* Work instructions *
Could you restate the entries word for word, without the images?

* Records supplied *
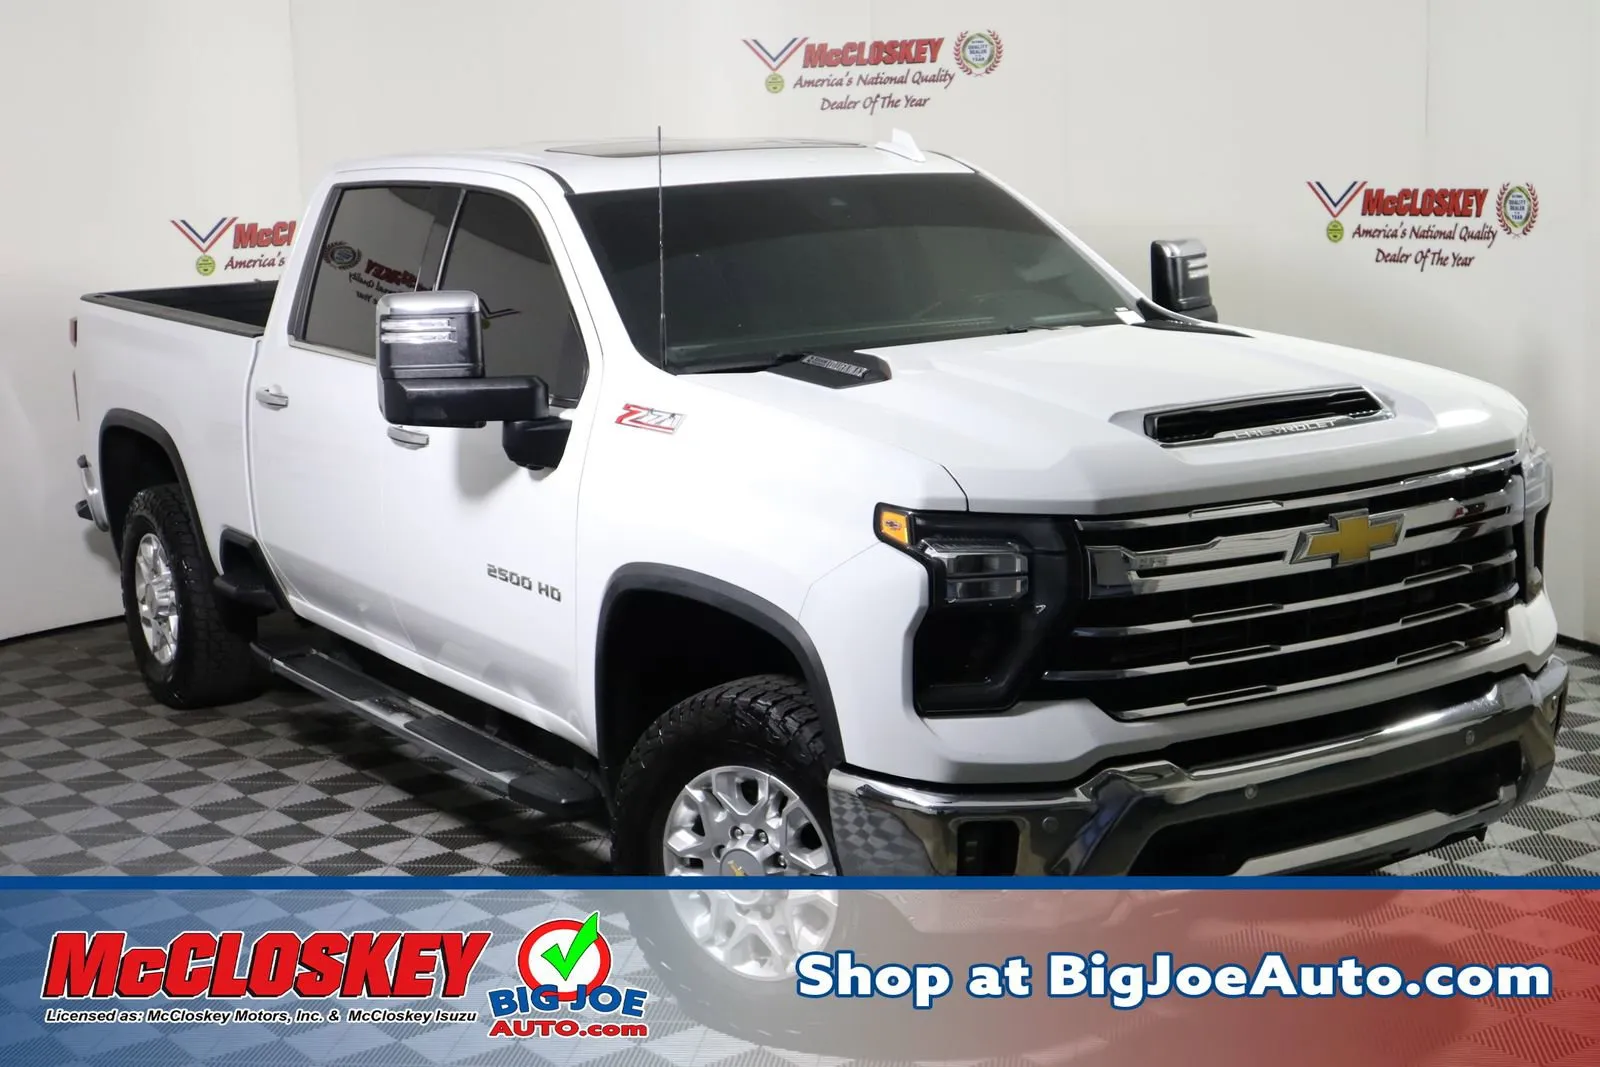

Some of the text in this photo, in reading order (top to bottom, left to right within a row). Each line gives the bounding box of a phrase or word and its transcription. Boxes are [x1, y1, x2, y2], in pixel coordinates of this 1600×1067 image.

[802, 37, 945, 69] McCLOSKEY
[793, 71, 853, 89] America's
[857, 71, 908, 87] National
[912, 67, 956, 89] Quality
[820, 93, 931, 116] Dealer Of The Year
[1361, 188, 1489, 218] McCLOSKEY
[1352, 222, 1407, 240] America's
[1409, 224, 1456, 241] National
[1459, 223, 1498, 249] Quality
[224, 251, 286, 271] America's
[1375, 246, 1476, 272] Dealer Of The Year
[1232, 419, 1337, 439] CHEVROLET
[486, 563, 562, 603] 2500 HD

* Response below *
Some of the text in this photo, in reading order (top to bottom, left to right within a row). Each line gives the bounding box of a phrase or word and its transcription. Boxes are [x1, y1, x2, y2], in pixel coordinates of this 1600×1067 image.

[802, 37, 945, 69] McCLOSKEY
[793, 71, 853, 89] America's
[857, 71, 908, 87] National
[912, 67, 956, 89] Quality
[820, 93, 931, 116] Dealer Of The Year
[1361, 188, 1489, 218] McCLOSKEY
[1352, 222, 1407, 240] America's
[1409, 224, 1456, 241] National
[1459, 223, 1498, 249] Quality
[224, 251, 286, 271] America's
[1375, 246, 1476, 272] Dealer Of The Year
[1232, 419, 1337, 439] CHEVROLET
[486, 563, 562, 603] 2500 HD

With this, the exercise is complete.